Veteran can relate to those he coaches on youth hockey team for the disabled
York County players provide therapy for Rich Garrison, whose Army duty left him hurting physically and mentally
YORK, Pa. — The York Polar Bears were all over the ice.
Some pushed one leg in front of the other, rigid little robots just trying to stay upright. Others waved their sticks at pucks, sometimes hitting them, sometimes whiffing. A small boy melted into tears each time his father gently placed the helmet cage over his head.
All of it swirled around Rich Garrison, the leader of this most unusual hockey team. He knelt at the ice’s edge, determined to get a 9year-old ready for practice. He summoned for an extra jersey. He pushed hockey pants and socks over the boy’s skates. He kept switching helmets to find one that fit.
Finally, Mr. Garrison called everyone together for a “shooting” drill in the middle of the rink in the York City Ice Arena. Mostly, the older kids took turns inching up to the puck and trying to push it toward a net.
To think how far they’ve come ...
They range from ages 5 to 16 and play on one of the only sports teams in York County specifically for disabled children. The idea came from Mr.
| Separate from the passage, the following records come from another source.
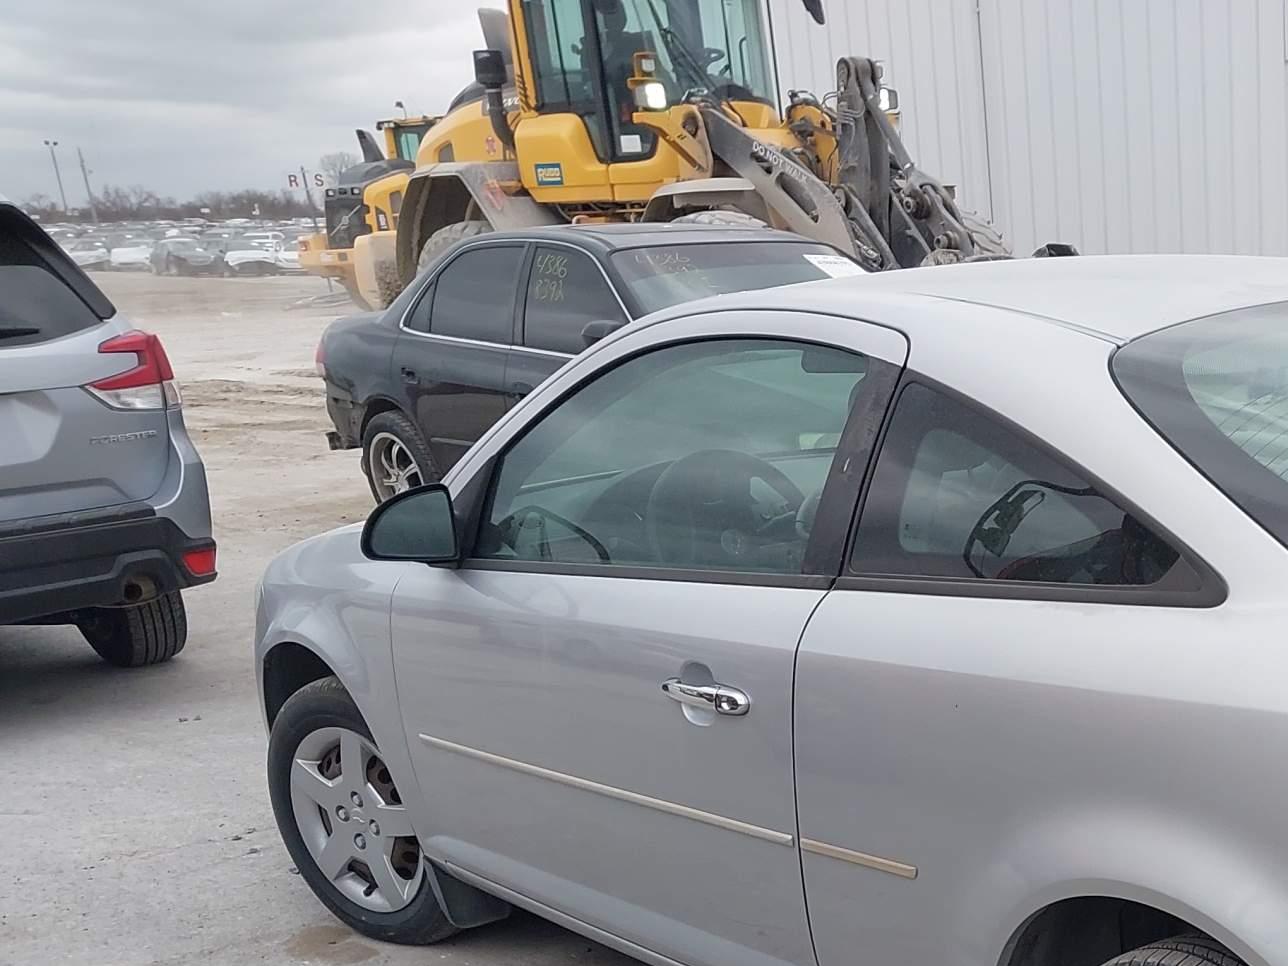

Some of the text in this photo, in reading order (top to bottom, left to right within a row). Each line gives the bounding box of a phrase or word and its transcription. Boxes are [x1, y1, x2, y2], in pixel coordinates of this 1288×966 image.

[752, 141, 765, 156] DO
[765, 148, 783, 168] NOT
[288, 174, 299, 188] R
[314, 173, 325, 187] S
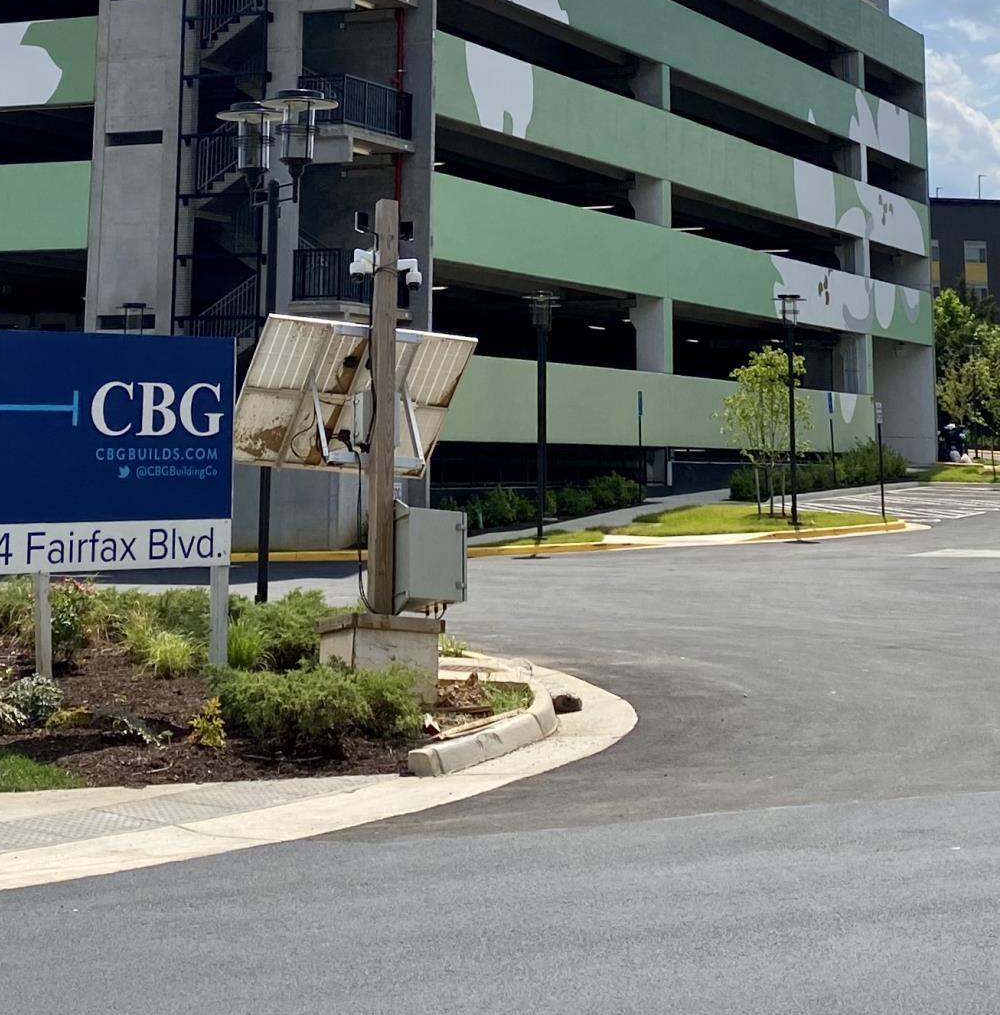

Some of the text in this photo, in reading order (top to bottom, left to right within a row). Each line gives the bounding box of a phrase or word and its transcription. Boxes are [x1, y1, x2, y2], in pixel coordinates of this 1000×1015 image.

[91, 381, 224, 436] CBG
[95, 447, 218, 461] CBGBUILDS.COM
[136, 465, 218, 480] @CBGBuildingCo
[26, 530, 137, 564] Fairfax
[149, 527, 222, 560] Blvd.
Garrison, 54, after he was disabled from overseas duty with the U.S. Army.
He deals with his most serious battle scars on the inside, and the hockey team seems to energize him each Monday. Certainly, it has been a vast undertaking. When the kids showed up in early March, most had never skated. Some have Down syndrome, autism and social anxiety disorder, others are partially blind or deaf.
At first, they balanced themselves on the ice by holding onto chairs or sleds made of PVC pipe or even their mentors from the York Devils’ youth program. Some cried. All of them fell down. And yet most everyone returned for the next practice and the one after that.
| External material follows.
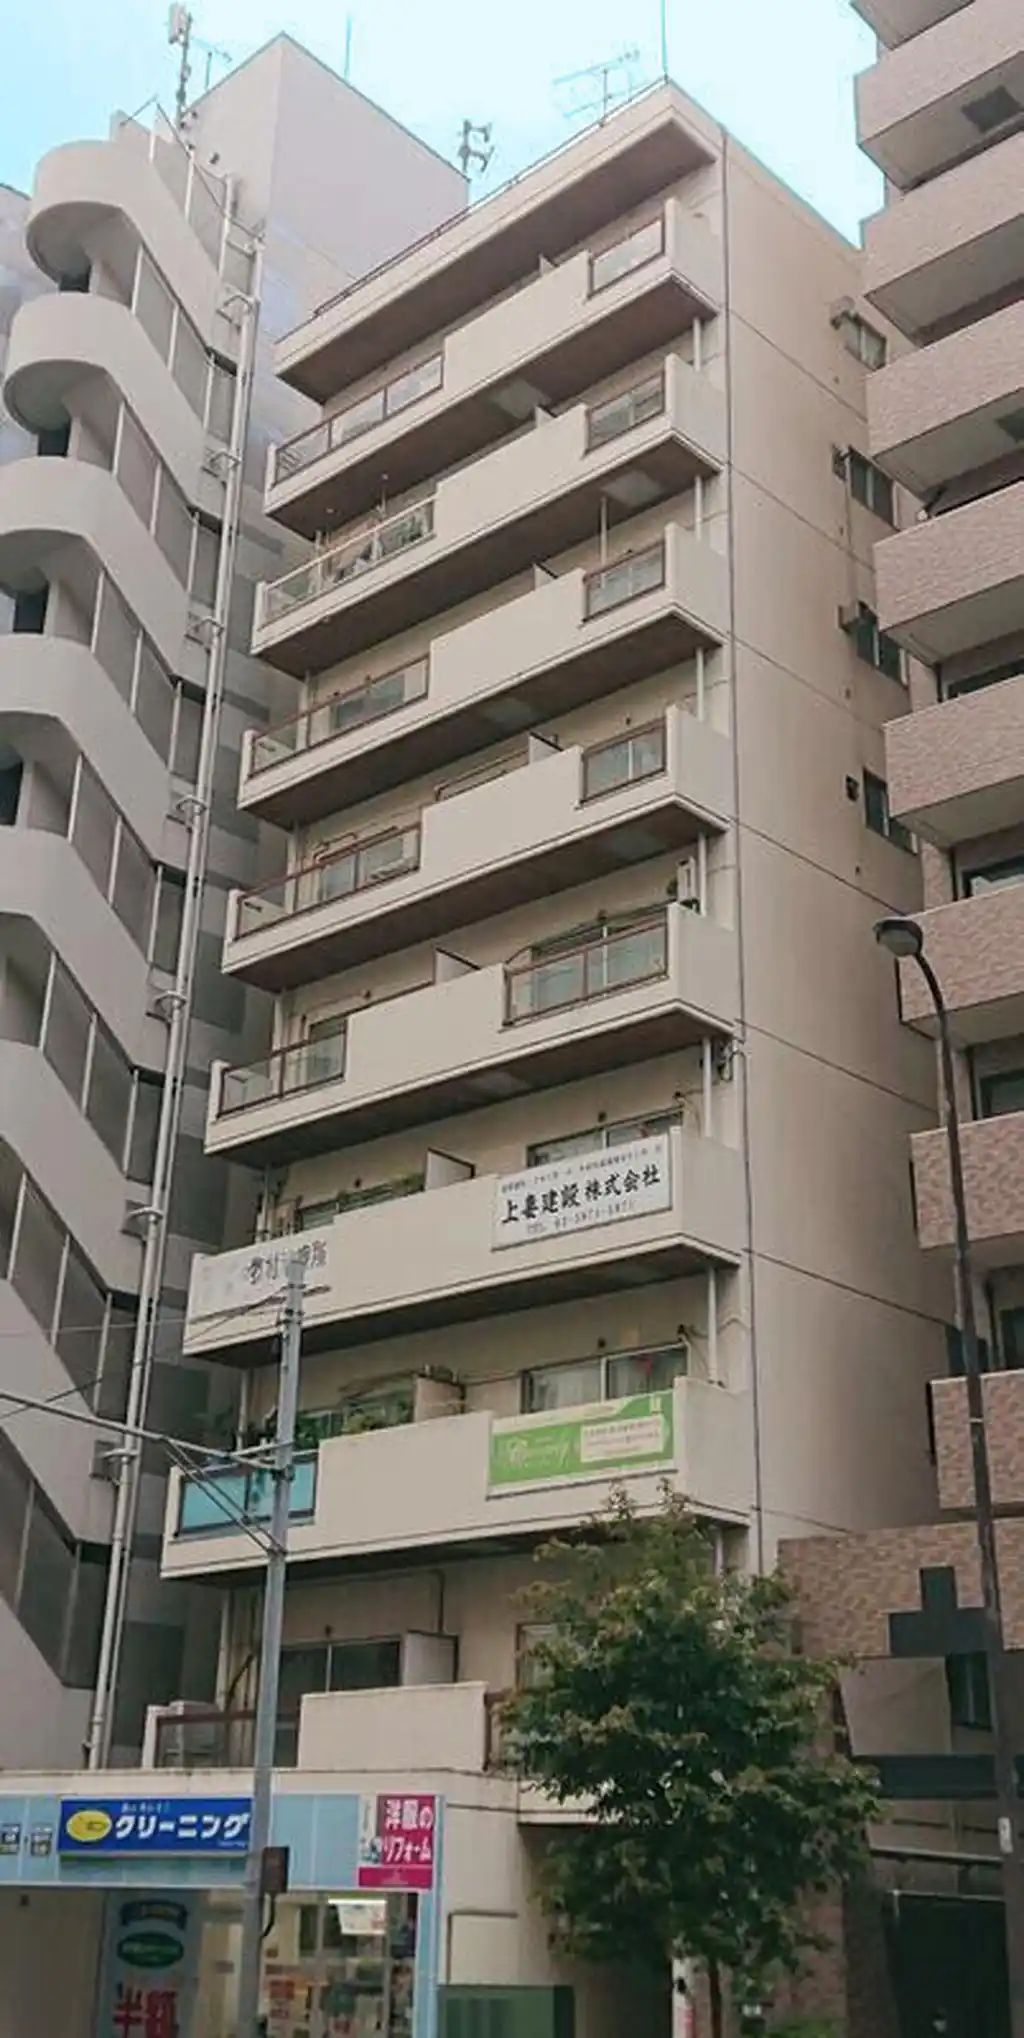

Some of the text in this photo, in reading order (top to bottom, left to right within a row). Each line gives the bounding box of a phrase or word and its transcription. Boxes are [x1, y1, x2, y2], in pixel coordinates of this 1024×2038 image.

At home, they slept with their hockey gear and sticks by their beds and chattered about their new friends. It was as if their lives were shifting. It didn’t matter how slowly they moved or what they looked like, because they were learning a sport with others like them, and they were gaining confidence and trust.
They were part of their very first team.
All of them, it seemed, finding some salvation along the way.
He’s in the Army now
Rich Garrison joined the Army out of high school.
That’s where he learned to jump out of planes and where he met his wife, Vickie. After leaving the military, they began raising their three children, he became a Baltimore City firefighter and life settled.
Then came the Sept. 11 terrorist attacks. Mr. Garrison said he felt compelled to re-enlist to protect his family and country, and eventually ended up on the front lines in Iraq. He was 45 by then, old enough to be the father of most everyone in his unit.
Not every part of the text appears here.